Eine genaue Definition ist schwierig. Jedenfalls
handelt es sich beim Jazz um eine Musikrichtung, die um die Zeit der
Jahrhundertwende 1900 in den Südstaaten der USA entstand. Sie wurde zuerst
hauptsächlich von US- Bürgern afroamerikanischer Abstammung gespielt und in der
Folgezeit immer wieder weiterentwickelt. Dabei verschmolz der ursprüngliche Jazz
mit ganz verschiedenen anderen Musikarten und -genres. Diese Verbindung
unterschiedlicher Stile nennt man Crossover. Der Jazz heutiger Zeit weist ganz
unterschiedliche Richtungen und Formen auf und erinnert teilweise nur noch in
Ansätzen an seine afroamerikanische Herkunft. Häufig wird der Jazz als die
“klassische Musik” Amerikas bezeichnet, was seine hohe musikalische Qualität im
Vergleich zu anderen Stilen hervorheben soll. Im Laufe der Zeit hat der Jazz
beinahe jedes andere Musikgenre beeinflusst, so zum Beispiel den Folk und den
Pop. Auf den Jazz selbst haben in seiner Entstehungszeit neben afrikanischen
auch europäische musikalische Traditionen Einfluss genommen.

Kennzeichnend für die Musik des Jazz sind die sogenannten “blue notes”, Polyrythmen, Synkopen,
die sogenannten “swung notes” und natürlich die Improvisation.

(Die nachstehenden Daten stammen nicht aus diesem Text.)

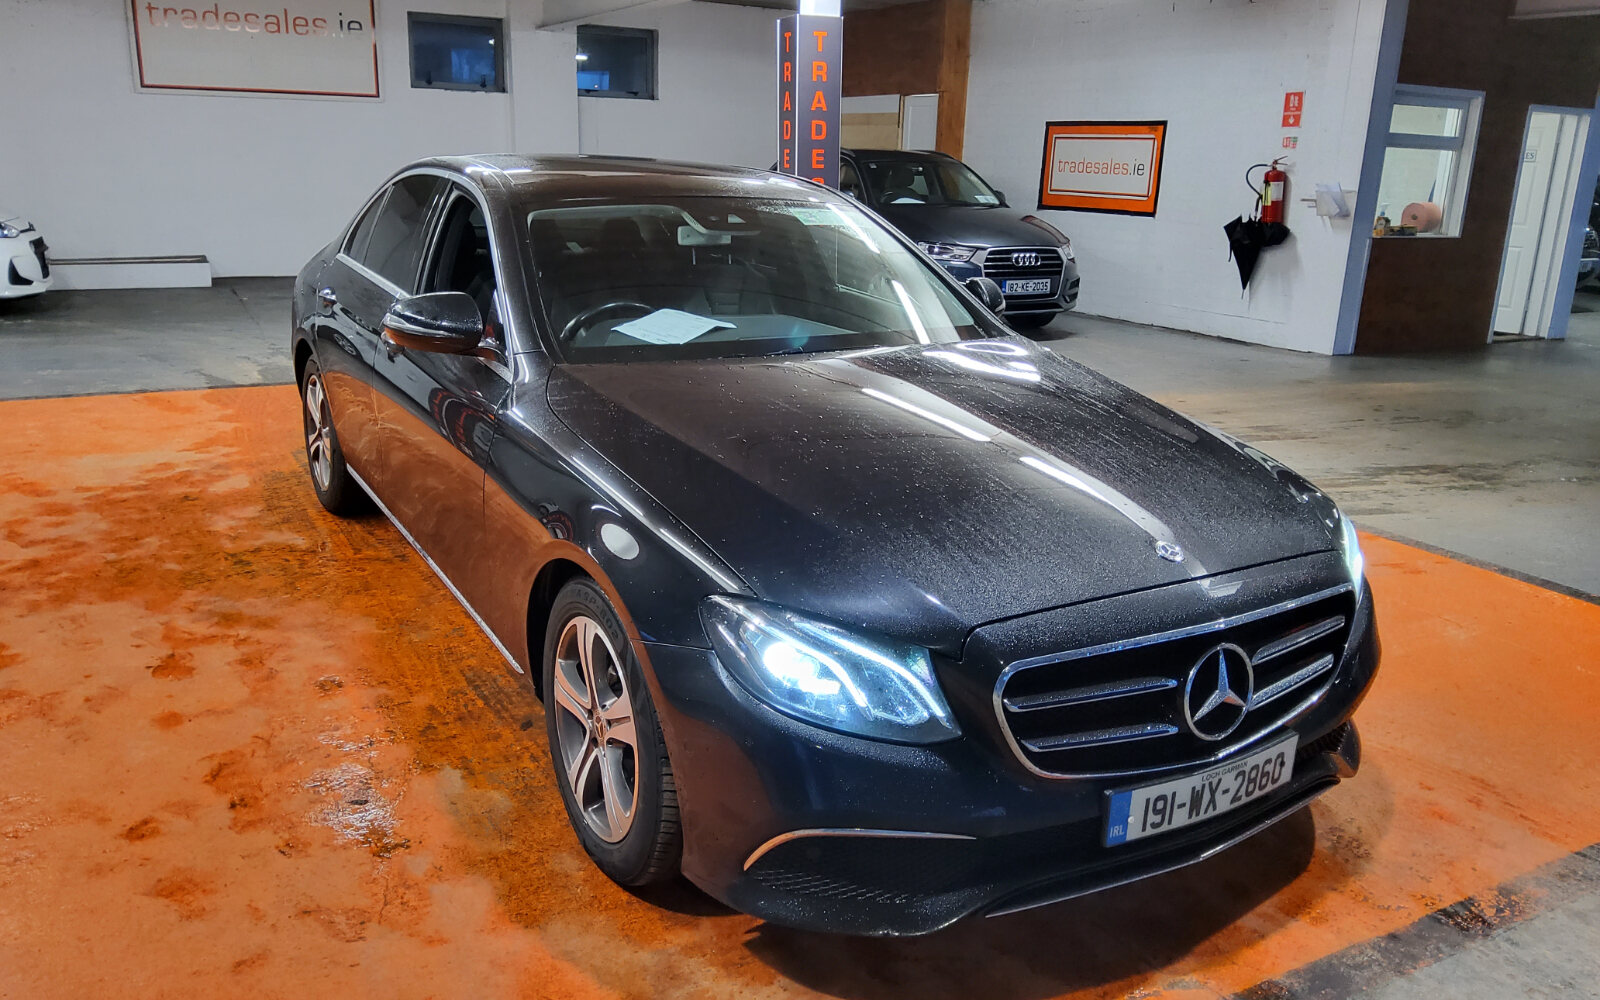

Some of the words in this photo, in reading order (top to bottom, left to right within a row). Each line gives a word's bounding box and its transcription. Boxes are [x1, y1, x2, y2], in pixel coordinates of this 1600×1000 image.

Von Anfang an
entstanden im Jazz zahlreiche Unterformen. Beispiele sind der New Orleans
Dixieland Jazz, der sich bereits in den 1910er Jahren herausbildete, sowie der
aus den 1930er und 1940er Jahren stammente Big Band- Style. In den 1940er Jahren
entwickelten sich außerdem der Bebop und verschiedene Latin- Jazz- Verbindungen
wie der Brazilian Jazz, der Free Jazz in den 1950er und 1960er Jahren und der
Acid Jazz in den 1980er Jahren, der Elemente des Hip Hop sowie des Funk mit
aufnahm.
Was ist Jazz?

Im Grunde genommen ist eine Definition dieser Musik
unmöglich. Aufgrund seiner Bandbreite und Vielfältigkeit definiert man den
Begriff Jazz am besten über seine Enstehung. Er lässt sich dann beschreiben als
diejenige Musik, die in den Südstaaten der USA um die Jahrhundertwende infolge
der Konfrontation der Schwarzen mit der europäischen Musik entstand. Im
Vergleich zu anderen Musikstilen spielen Spontaneität und Vitalität der Musiker
eine große Rolle, und der Jazz hat einen besonderen Bezug zur Zeit, den “Swing”.
Gute Jazz- Musiker müssen außerdem auf jeden Fall gut improvisieren können. In
der frühen Zeit spielten bei der Improvisation vor allem die sogenannten Call-
and- Response- Abfolgen eine wichtige Rolle.

Im Gegensatz zu der klassischen europäischen Musik geht es im Jazz gerade nicht darum, die Musik so zu spielen, wie sie niedergeschrieben wurde. Es sind also Kreativität und eigene
musikalische Vorstellungen gefragt, wenn es darum geht, richtig guten Jazz zu
spielen. Doch trotz dieser Definitionsversuche schleicht sich bei aller Routine
immer wieder einmal die Frage ein: Was ist Jazz wirklich?